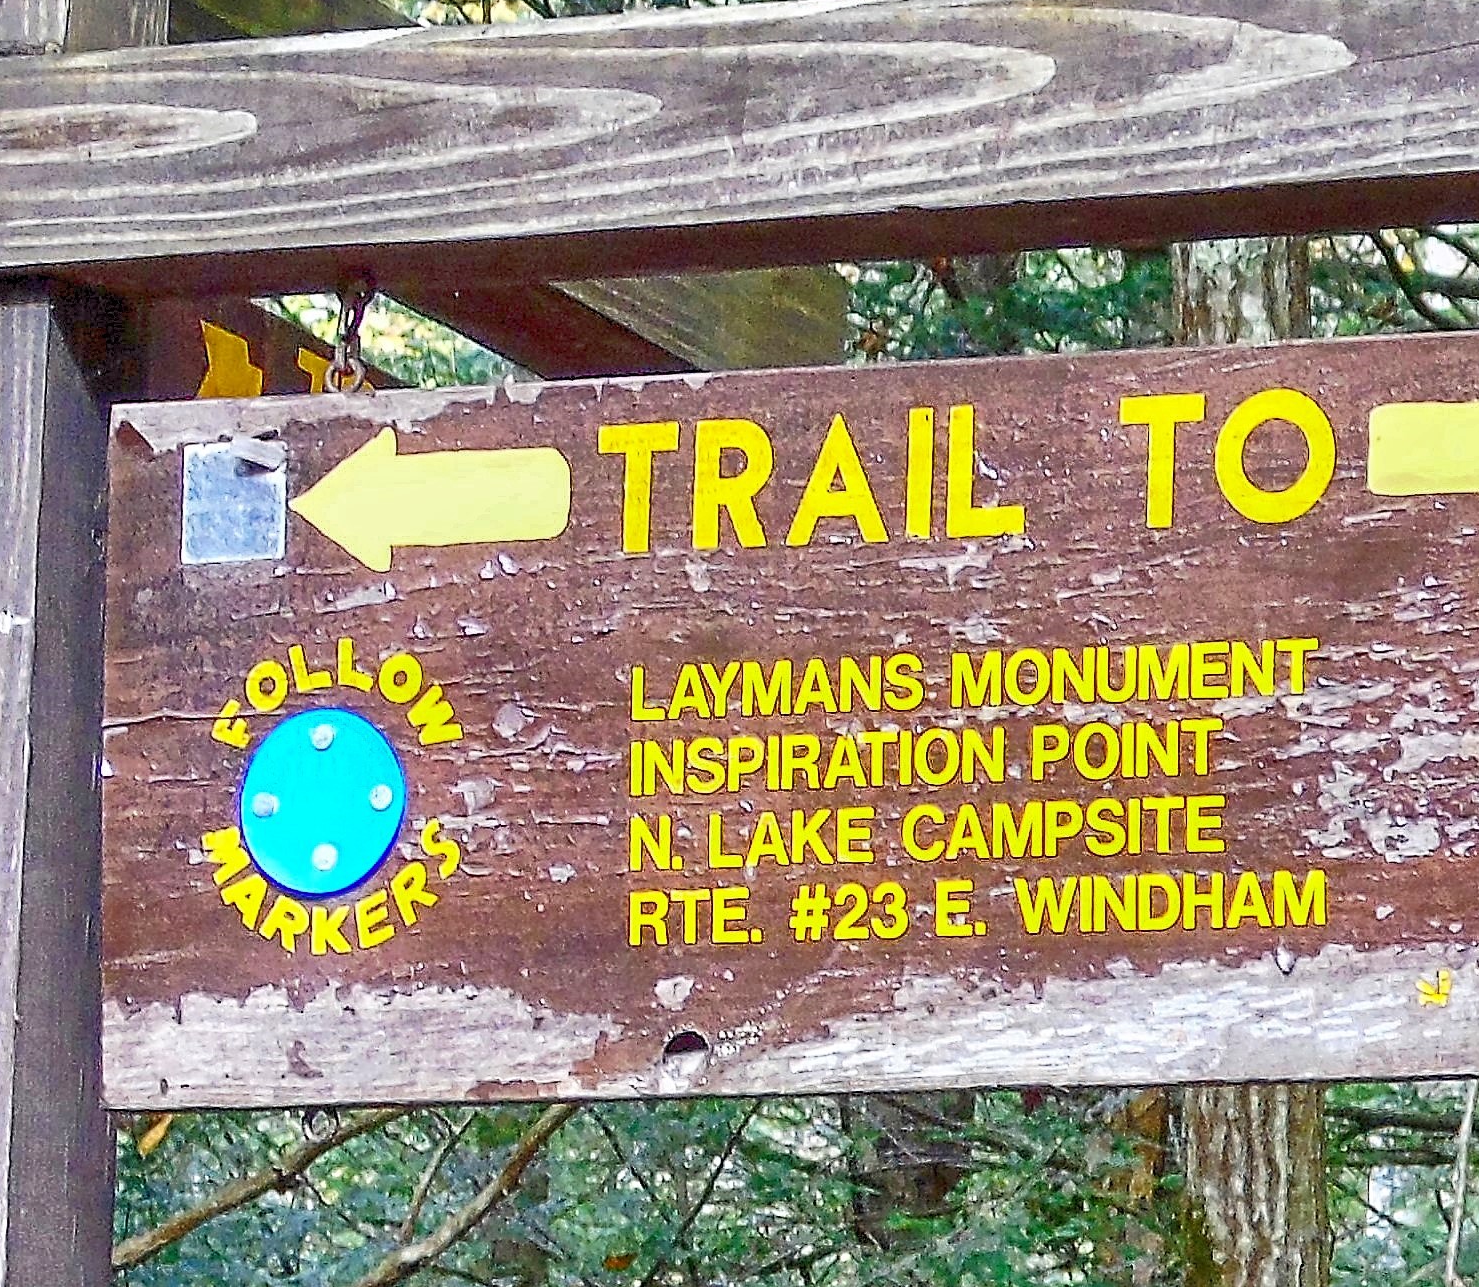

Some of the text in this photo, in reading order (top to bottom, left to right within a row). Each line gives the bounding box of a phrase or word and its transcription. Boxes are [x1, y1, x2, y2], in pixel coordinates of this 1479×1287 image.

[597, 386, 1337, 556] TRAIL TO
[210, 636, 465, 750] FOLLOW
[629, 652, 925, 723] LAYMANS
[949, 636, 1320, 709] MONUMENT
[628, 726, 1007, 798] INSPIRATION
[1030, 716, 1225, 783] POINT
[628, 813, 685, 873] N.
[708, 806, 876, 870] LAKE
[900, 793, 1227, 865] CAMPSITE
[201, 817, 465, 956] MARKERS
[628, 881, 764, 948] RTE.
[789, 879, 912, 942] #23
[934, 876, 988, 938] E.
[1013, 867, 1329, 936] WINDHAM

━━━━━━━━━━━━━━━━━━━━━━━━━━━━━━

→ DESCRIPTION OF THE TASK: A verbatim transcript of the entries above is required, with the pictures left out.

→ TASK OUTPUT:
Some of the text in this photo, in reading order (top to bottom, left to right within a row). Each line gives the bounding box of a phrase or word and its transcription. Boxes are [x1, y1, x2, y2], in pixel coordinates of this 1479×1287 image.

[597, 386, 1337, 556] TRAIL TO
[210, 636, 465, 750] FOLLOW
[629, 652, 925, 723] LAYMANS
[949, 636, 1320, 709] MONUMENT
[628, 726, 1007, 798] INSPIRATION
[1030, 716, 1225, 783] POINT
[628, 813, 685, 873] N.
[708, 806, 876, 870] LAKE
[900, 793, 1227, 865] CAMPSITE
[201, 817, 465, 956] MARKERS
[628, 881, 764, 948] RTE.
[789, 879, 912, 942] #23
[934, 876, 988, 938] E.
[1013, 867, 1329, 936] WINDHAM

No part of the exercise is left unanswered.